DATASET EXCERPTS:
===============
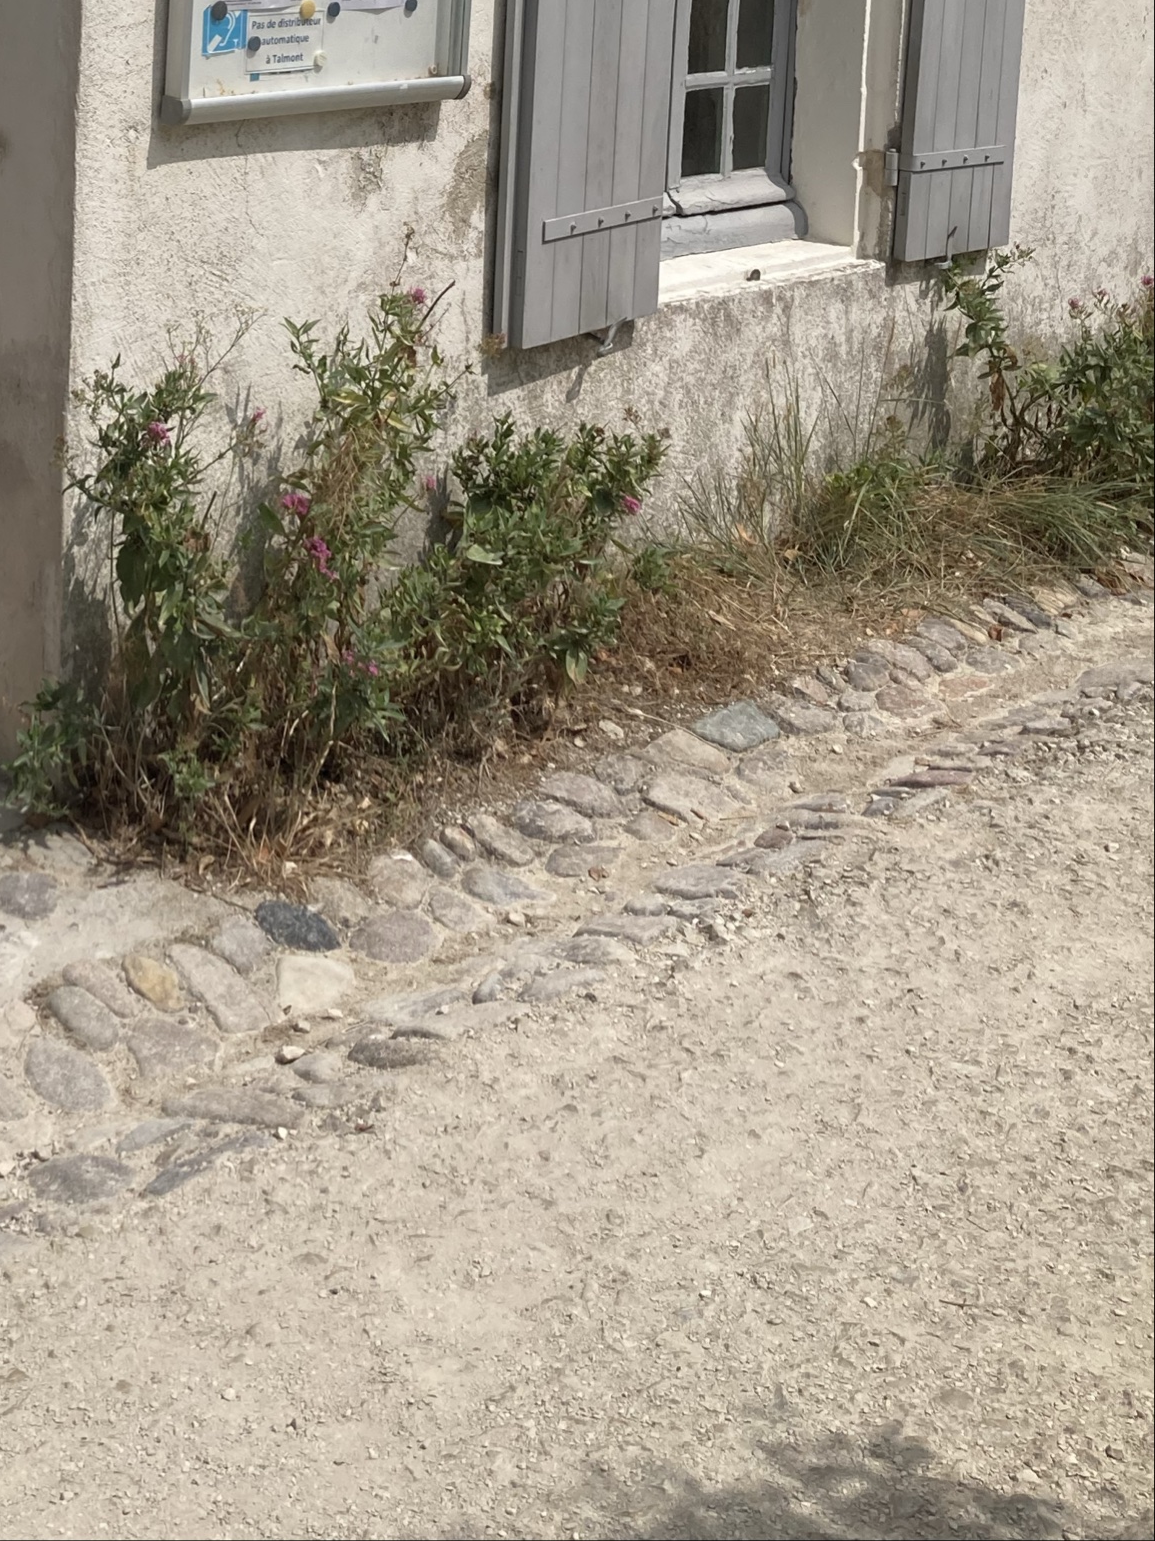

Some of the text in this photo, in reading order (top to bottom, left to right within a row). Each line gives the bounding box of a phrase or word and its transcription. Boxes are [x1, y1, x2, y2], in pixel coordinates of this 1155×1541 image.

[252, 17, 321, 29] Pas de distributeur
[262, 34, 309, 46] automatique
[266, 52, 304, 64] à Talmont
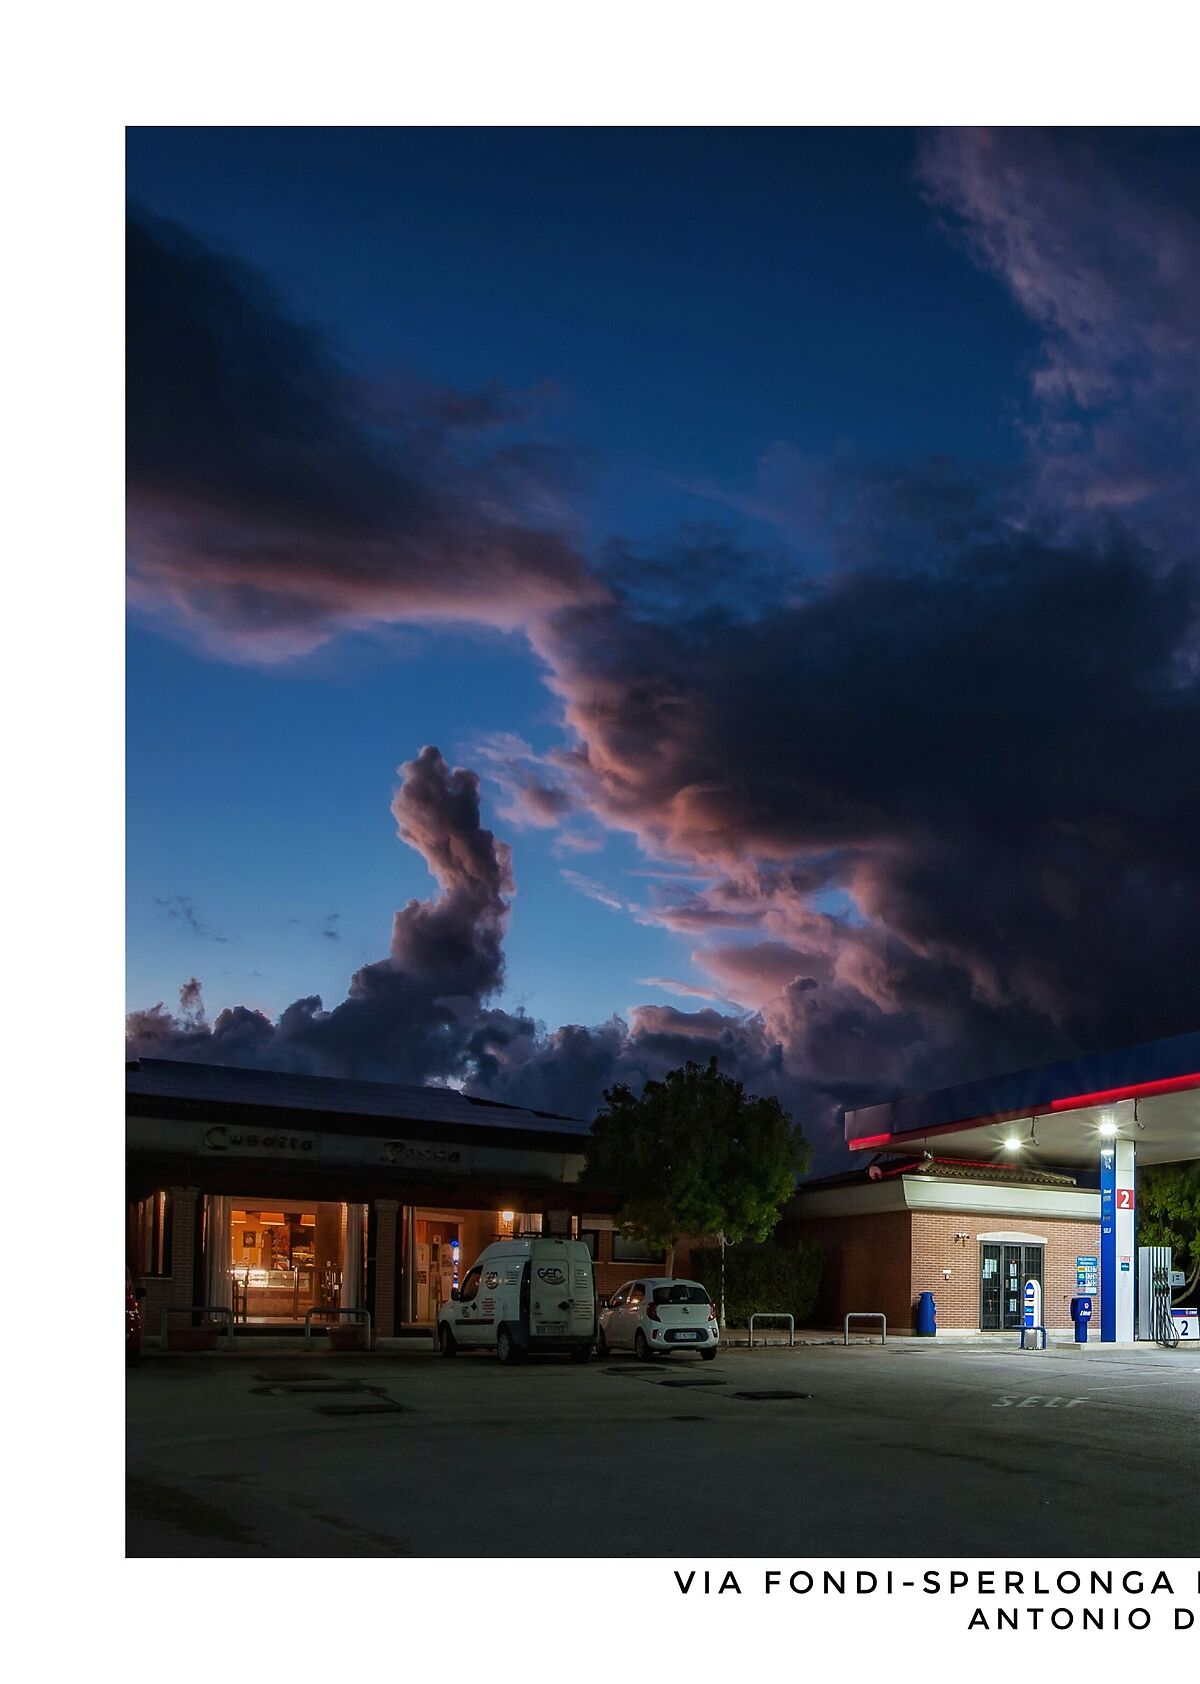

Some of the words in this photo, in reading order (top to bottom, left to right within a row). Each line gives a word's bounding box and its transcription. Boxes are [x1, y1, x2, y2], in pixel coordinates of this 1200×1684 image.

[1120, 1190, 1130, 1208] 2
[1180, 1320, 1189, 1336] 2
[991, 1395, 1090, 1408] SELF
===============
BRIEF:
With the images omitted, return the full material exactly.

RESPONSE FOR THIS EXERCISE:
Some of the text in this photo, in reading order (top to bottom, left to right within a row). Each line gives the bounding box of a phrase or word and its transcription. Boxes are [x1, y1, x2, y2], in pixel coordinates of this 1155×1541 image.

[252, 17, 321, 29] Pas de distributeur
[262, 34, 309, 46] automatique
[266, 52, 304, 64] à Talmont

Some of the words in this photo, in reading order (top to bottom, left to right within a row). Each line gives a word's bounding box and its transcription. Boxes are [x1, y1, x2, y2], in pixel coordinates of this 1200×1684 image.

[1120, 1190, 1130, 1208] 2
[1180, 1320, 1189, 1336] 2
[991, 1395, 1090, 1408] SELF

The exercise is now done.